TASK DIRECTIONS: Omit every picture, then give all the entries again exactly.

[Spatial localization data]
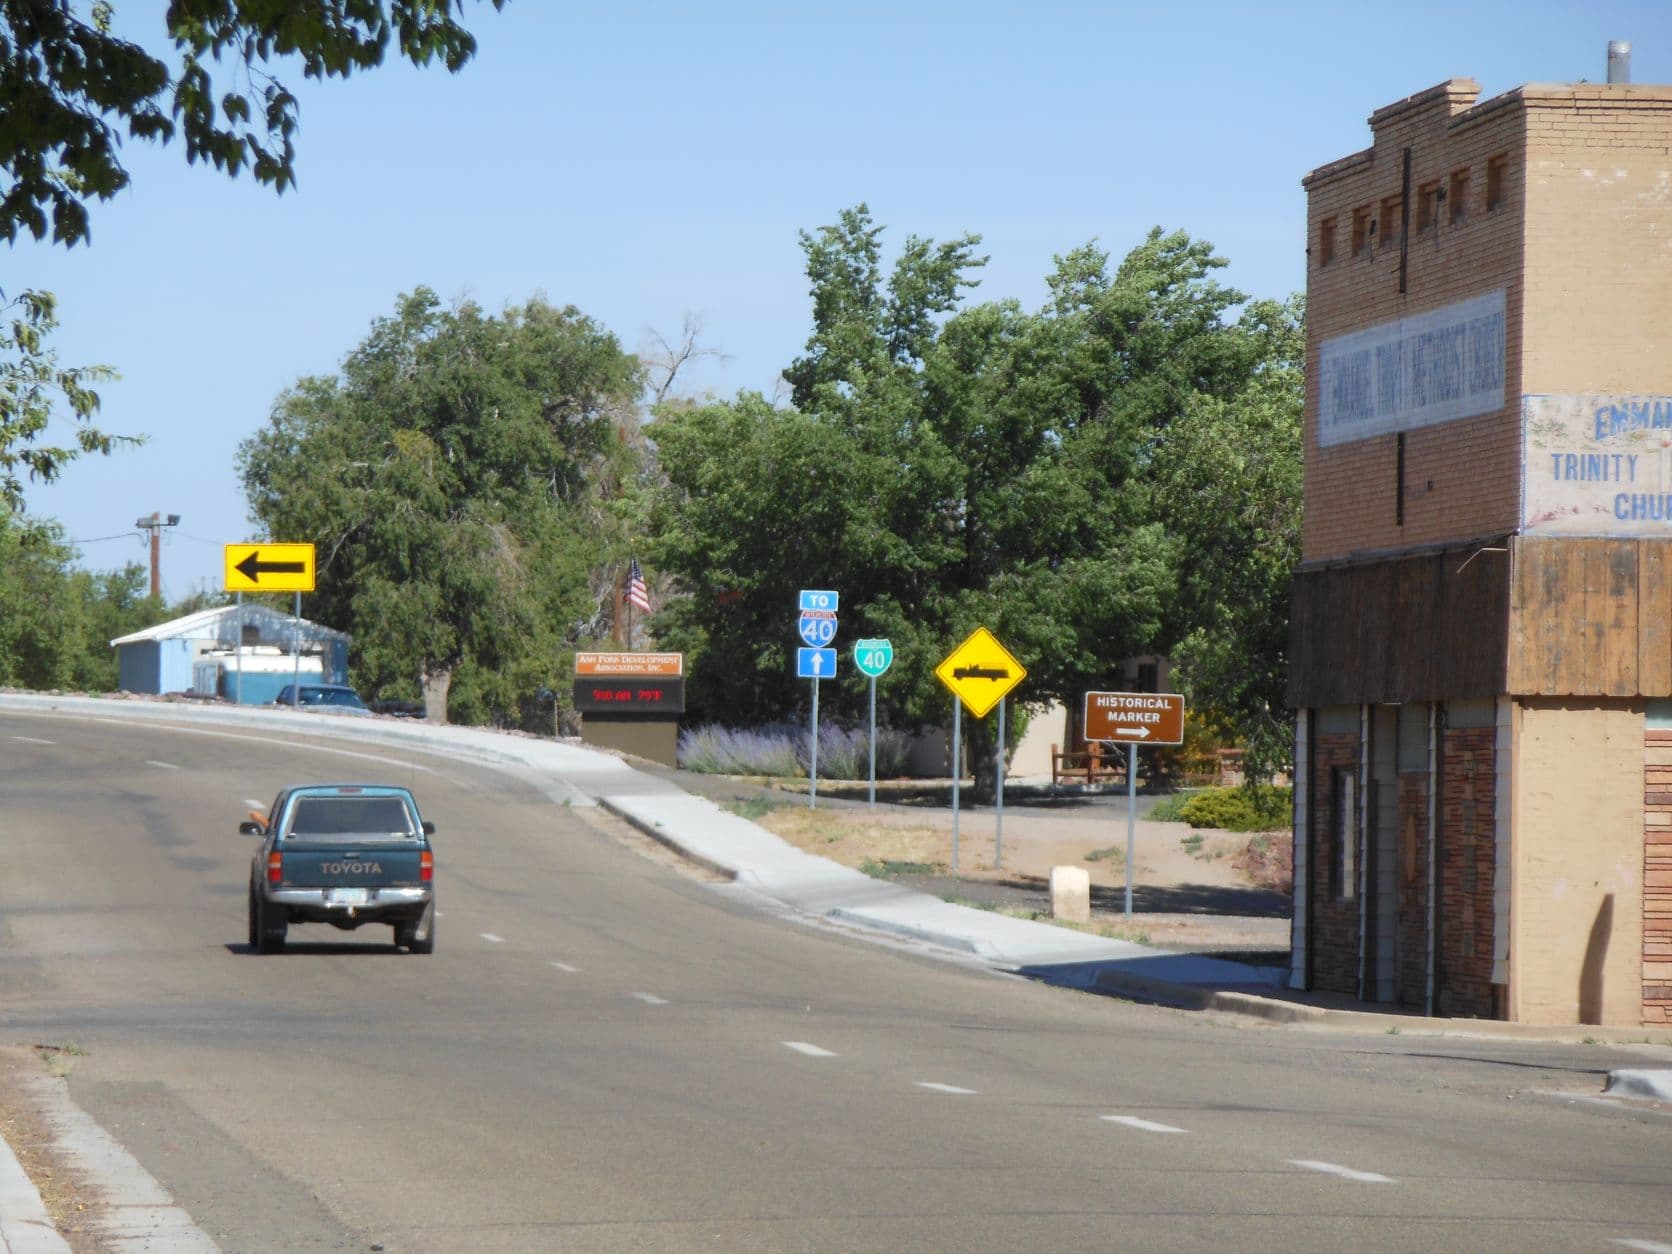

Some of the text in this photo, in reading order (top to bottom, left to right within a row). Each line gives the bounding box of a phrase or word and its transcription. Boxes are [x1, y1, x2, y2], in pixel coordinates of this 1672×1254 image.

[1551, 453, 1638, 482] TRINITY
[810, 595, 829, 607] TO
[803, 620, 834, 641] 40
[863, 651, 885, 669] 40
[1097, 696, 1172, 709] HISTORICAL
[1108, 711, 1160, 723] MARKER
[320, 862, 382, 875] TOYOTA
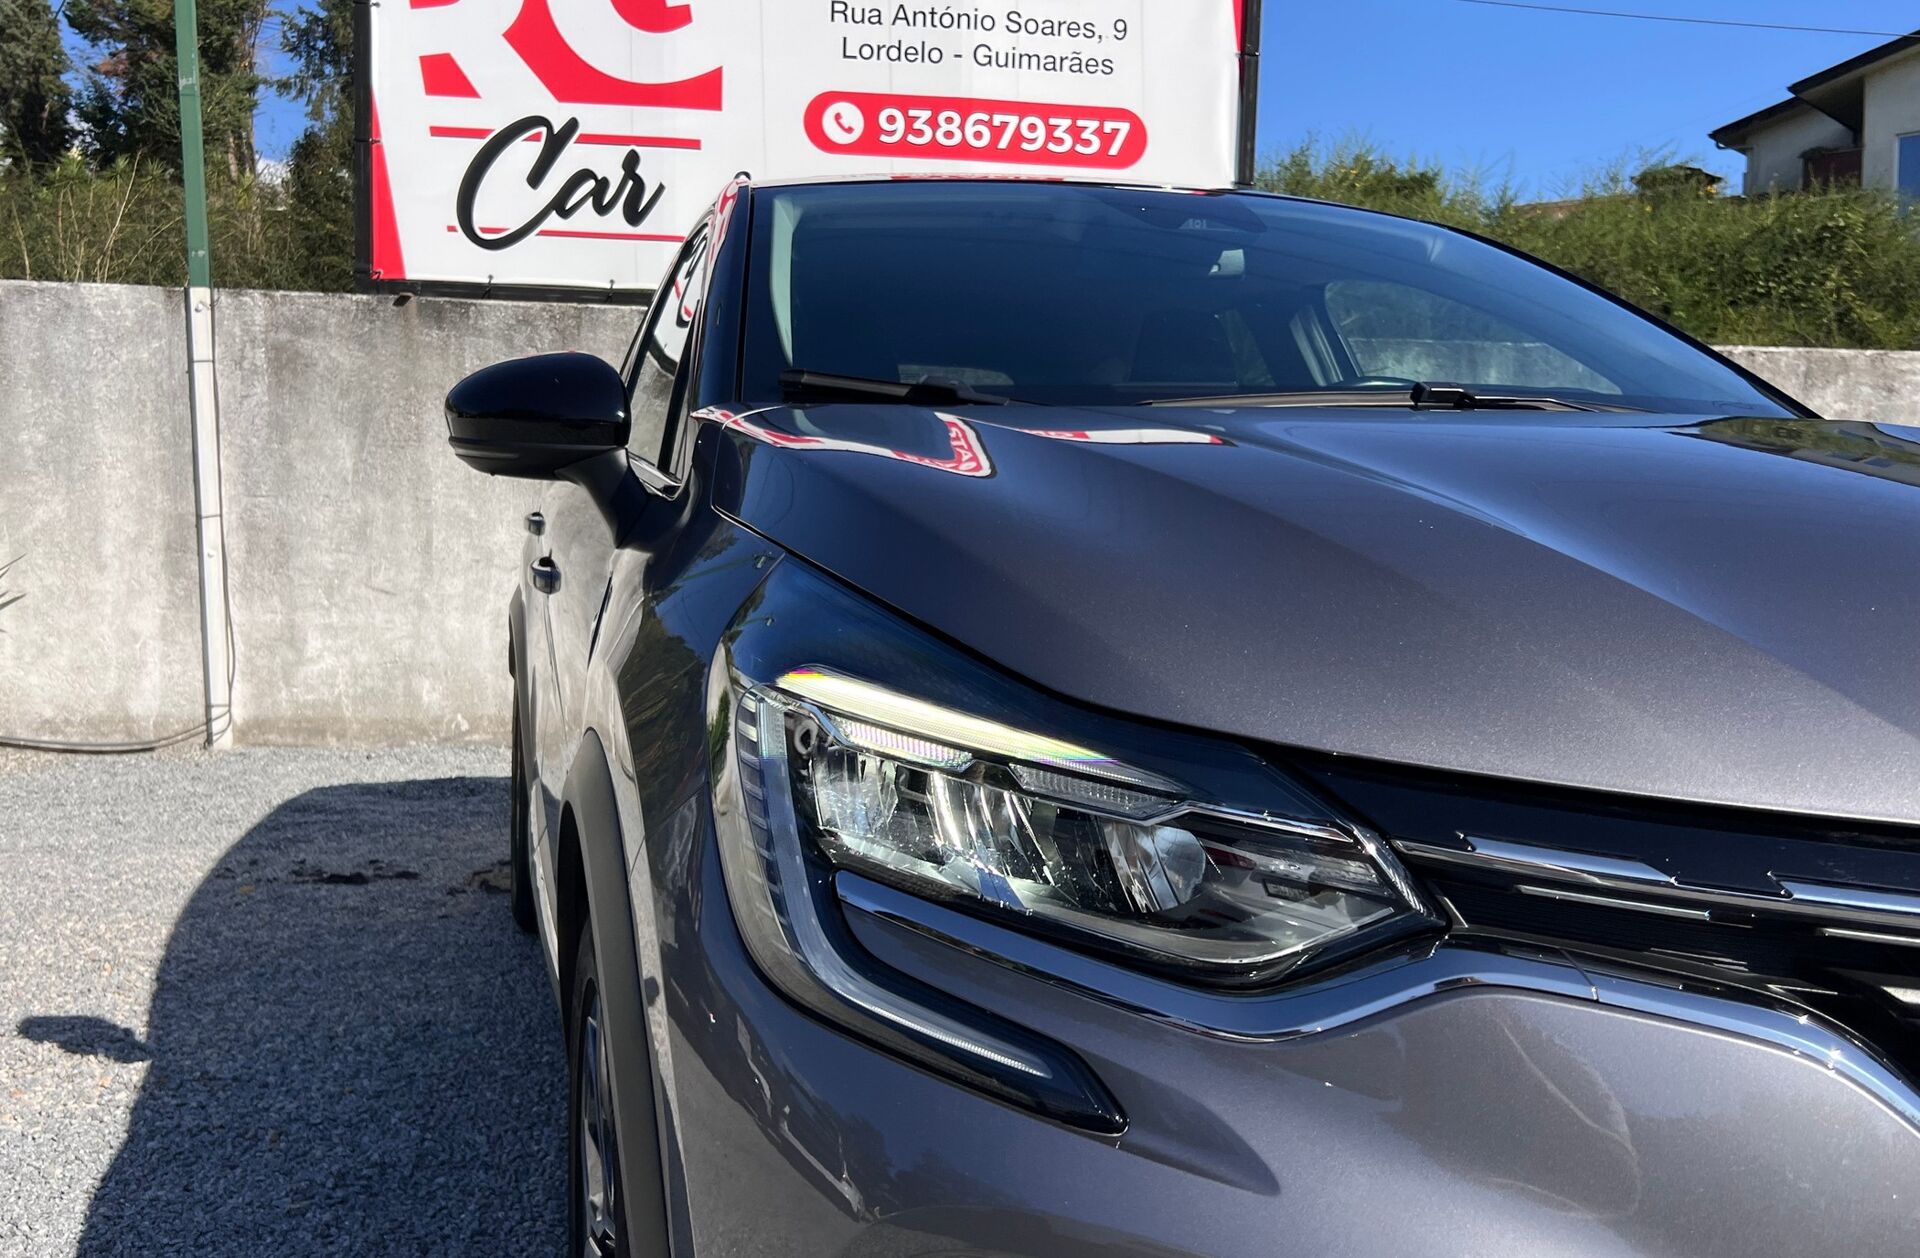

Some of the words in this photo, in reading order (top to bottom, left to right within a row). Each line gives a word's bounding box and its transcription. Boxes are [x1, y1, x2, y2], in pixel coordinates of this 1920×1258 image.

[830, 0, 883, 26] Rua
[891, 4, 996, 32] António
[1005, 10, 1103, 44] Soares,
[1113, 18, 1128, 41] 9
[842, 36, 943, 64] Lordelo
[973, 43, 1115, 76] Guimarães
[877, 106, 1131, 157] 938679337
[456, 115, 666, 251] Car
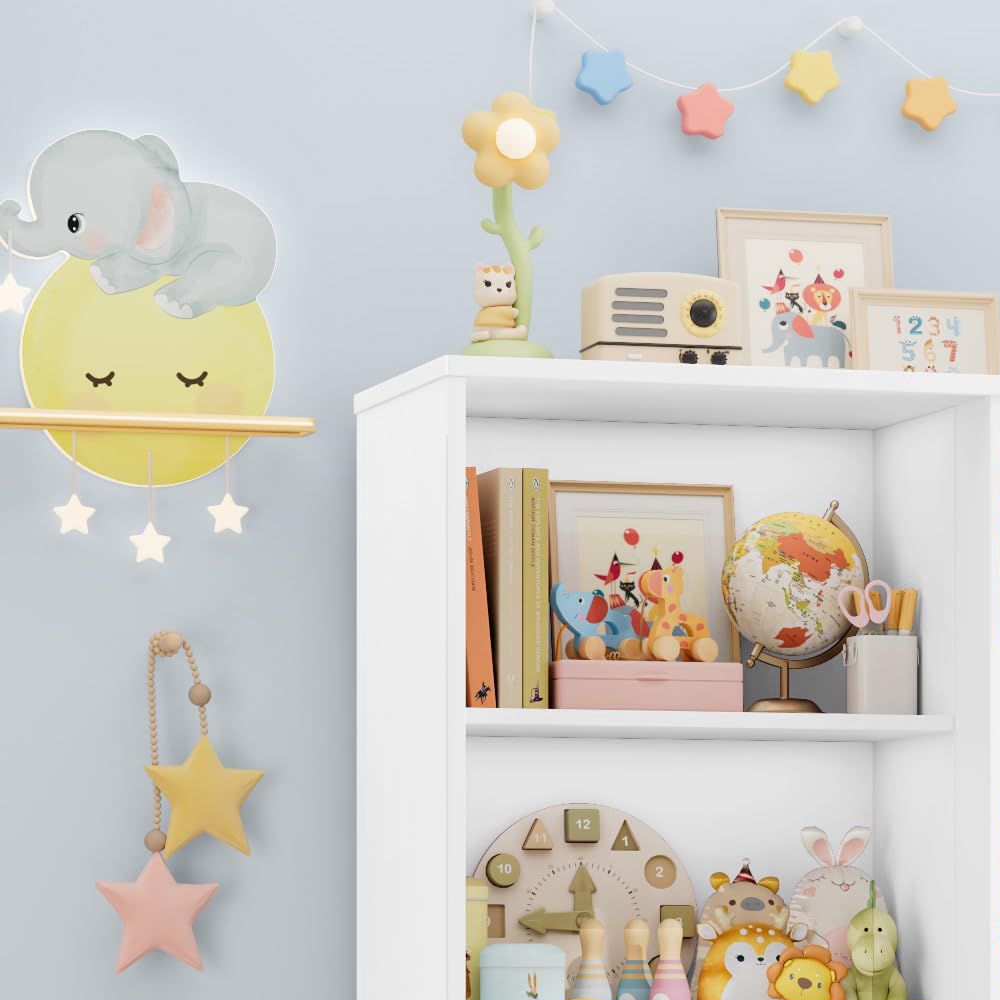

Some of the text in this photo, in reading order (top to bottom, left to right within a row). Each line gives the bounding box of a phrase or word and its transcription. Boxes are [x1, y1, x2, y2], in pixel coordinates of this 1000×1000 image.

ANSWER FOR THIS EXERCISE:
Some of the text in this photo, in reading order (top to bottom, left to right within a row). Each line gives the bounding box of a phrase or word and its transcription. Boxes are [x1, y1, x2, y2], in pixel coordinates of this 1672×1254 image.

[1551, 453, 1638, 482] TRINITY
[810, 595, 829, 607] TO
[803, 620, 834, 641] 40
[863, 651, 885, 669] 40
[1097, 696, 1172, 709] HISTORICAL
[1108, 711, 1160, 723] MARKER
[320, 862, 382, 875] TOYOTA

Some of the words in this photo, in reading order (top to bottom, left to right within a row). Each line gives a word's bounding box and its transcription. Boxes are [x1, y1, x2, y2], in pixel coordinates of this 1920×1258 image.

[830, 0, 883, 26] Rua
[891, 4, 996, 32] António
[1005, 10, 1103, 44] Soares,
[1113, 18, 1128, 41] 9
[842, 36, 943, 64] Lordelo
[973, 43, 1115, 76] Guimarães
[877, 106, 1131, 157] 938679337
[456, 115, 666, 251] Car

Some of the text in this photo, in reading order (top to bottom, left to right within a row). Each line gives the bounding box of a phrase or word and its transcription. Boxes are [x1, y1, x2, y2], in pixel coordinates of this 1000×1000 image.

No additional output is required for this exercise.